Yugoslav Army Outside the Homeland (, ) is the term for members of the Royal Yugoslav Army who managed to escape capture in the April War. This part of the Yugoslav Аrmy numbered about 980 to 1158 people, mostly members of the navy and air force, who were stationed in Egypt and the Middle East. Only this part of the army was under the direct command of the Yugoslav government-in-exile.

World War II

Forming 

A group of high-ranking officers led by the Prime Minister and Army General Dušan Simović, the Minister of the Army and Navy Bogoljub Ilić and the Commander of the Air Force, Brigadier General Borivoje Mirković together with members of the government and King Peter II left the Kingdom of Yugoslavia on 15 April 1941 from Nikšić via Greece for Palestine and Egypt. The break-up and collapse of the Yugoslav Army in April 1941, disorganization and devastation forced the airmen to cope on their own in difficult circumstances. Several planes flew over the territory of the Soviet Union. A number of airmen left the mainland from Macedonia to Greece and further by ships to the Middle East. On 17 April, seaplanes flew eight flights from the Bay of Kotor to Greece. They flew to Alexandria via Corfu, Athens and Crete on 23 April 1941. Individuals and smaller groups of the land army withdrew from Macedonia on their own initiative. The gathering was held in the territories of Egypt and Jordan. From that day on, the evacuated army that escaped capture during the capitulation was named the Yugoslav Army Outside the Homeland.

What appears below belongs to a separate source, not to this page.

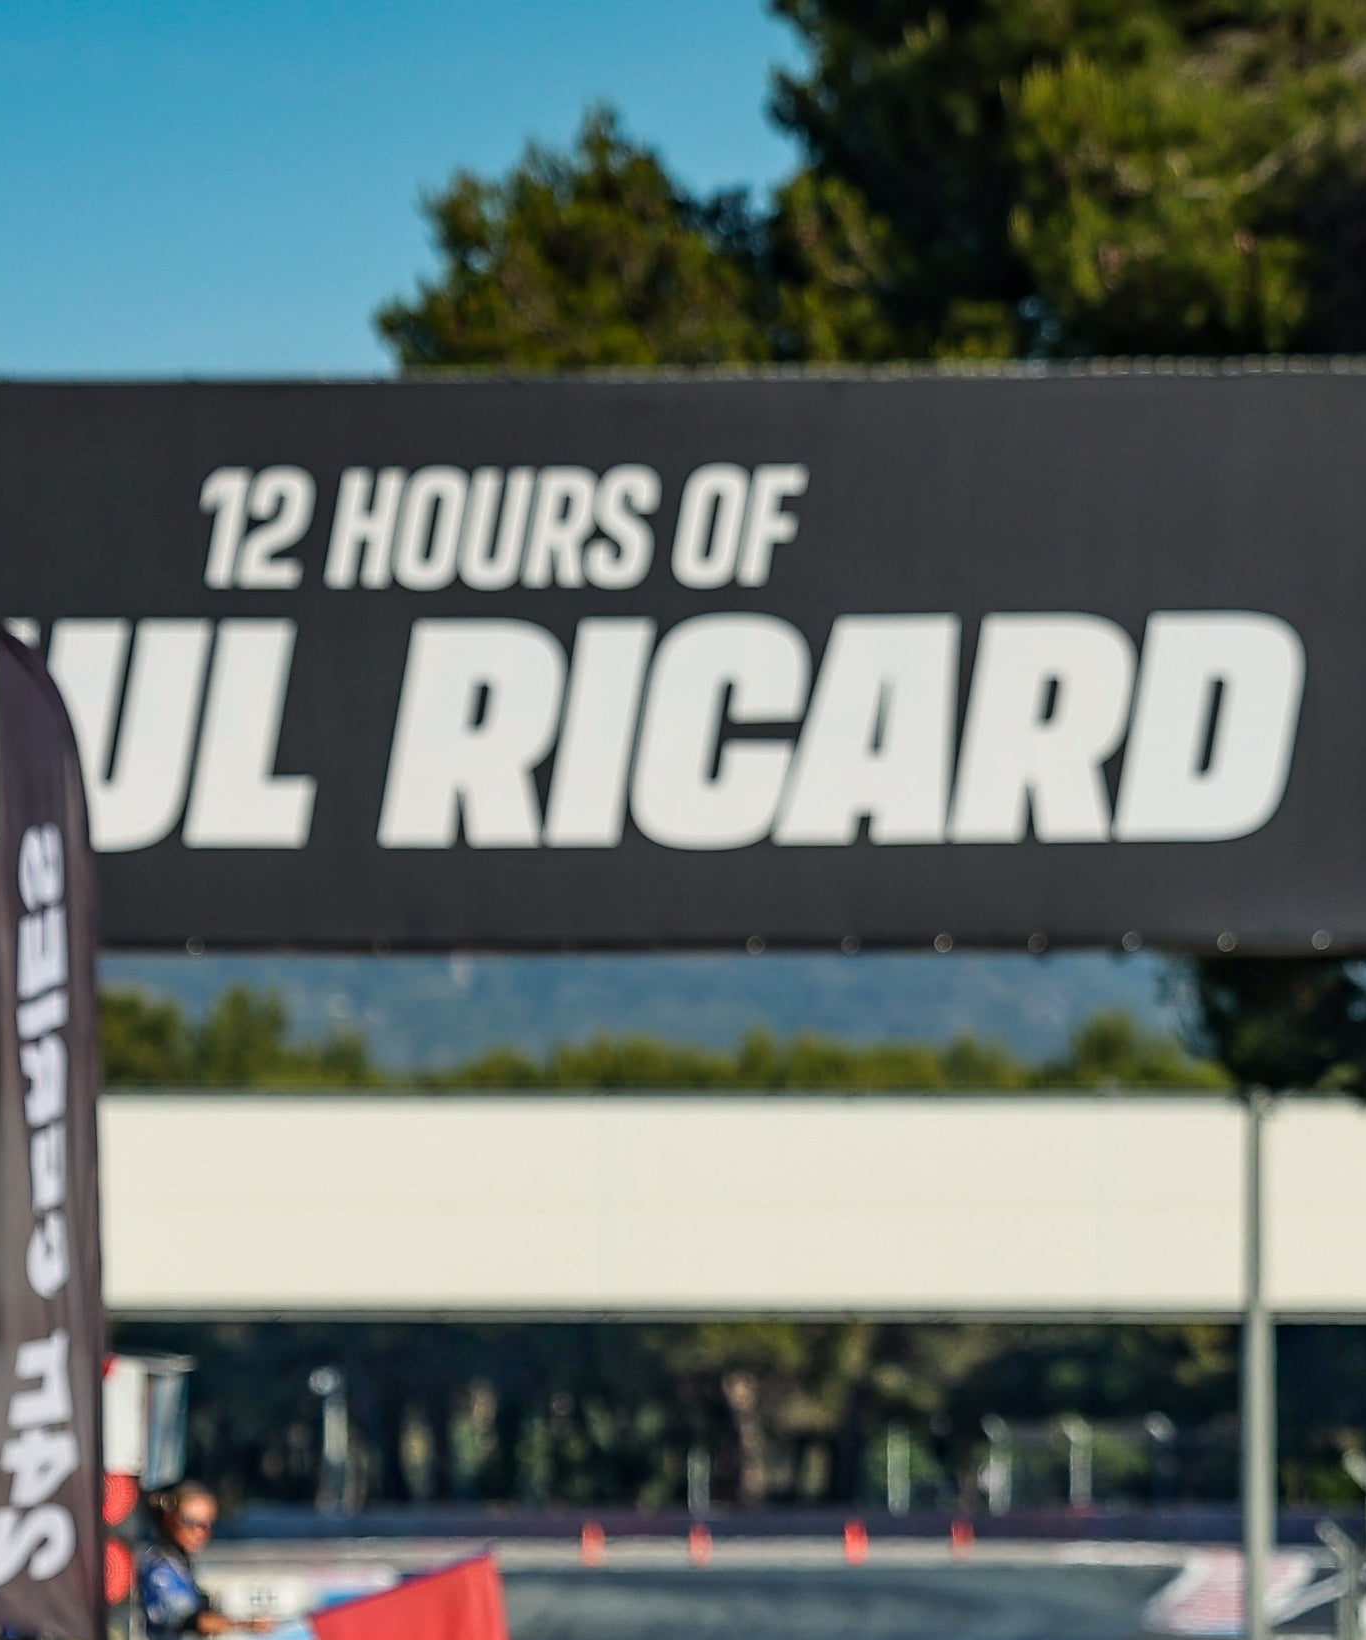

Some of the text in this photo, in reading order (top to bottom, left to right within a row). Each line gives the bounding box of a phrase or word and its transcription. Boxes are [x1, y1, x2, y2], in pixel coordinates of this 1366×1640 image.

[200, 464, 808, 590] 12 HOURS OF
[377, 612, 1306, 851] RICARD

On 21 July 1941, General Ilić submitted a report to Prime Minister Simović, on the number of members of the exiled army in Cairo. The number of evacuated members by army consisted of the army: 38 officers, 16 non-commissioned officers, 26 corporals and ranks, and from the navy: 15 officers, 1 mechanical officer, 1 civil engineering officer, 1 medical officer, 67 non-commissioned officers, 9 corporals and ranks. There were the most members of the aviation: 103 officers, 100 non-commissioned officers, 37 corporals and ranks.

Development 

During 1941, a Yugoslav air squadron, consisting of 3 squadrons (fighter, bomber and marine squadron), was to be formed from the fleeing airmen with the help of the British. Only marine and fighter squadrons were formed, and the bomber was not. At the request of the British, the hunting squadron was disbanded after about 15 days. Later, an air force command was formed. A marine squadron was formed in Abu Kebir from aviators who fled from the Bay of Kotor in April 1941. It joined the British squadron, which defended the wider region of Alexandria, rescued fallen and stray crews and discovered enemy vessels. Of the weapons, it had seaplanes with which it flew from Yugoslavia to Africa. Until April 1942, the squadron carried out combat missions.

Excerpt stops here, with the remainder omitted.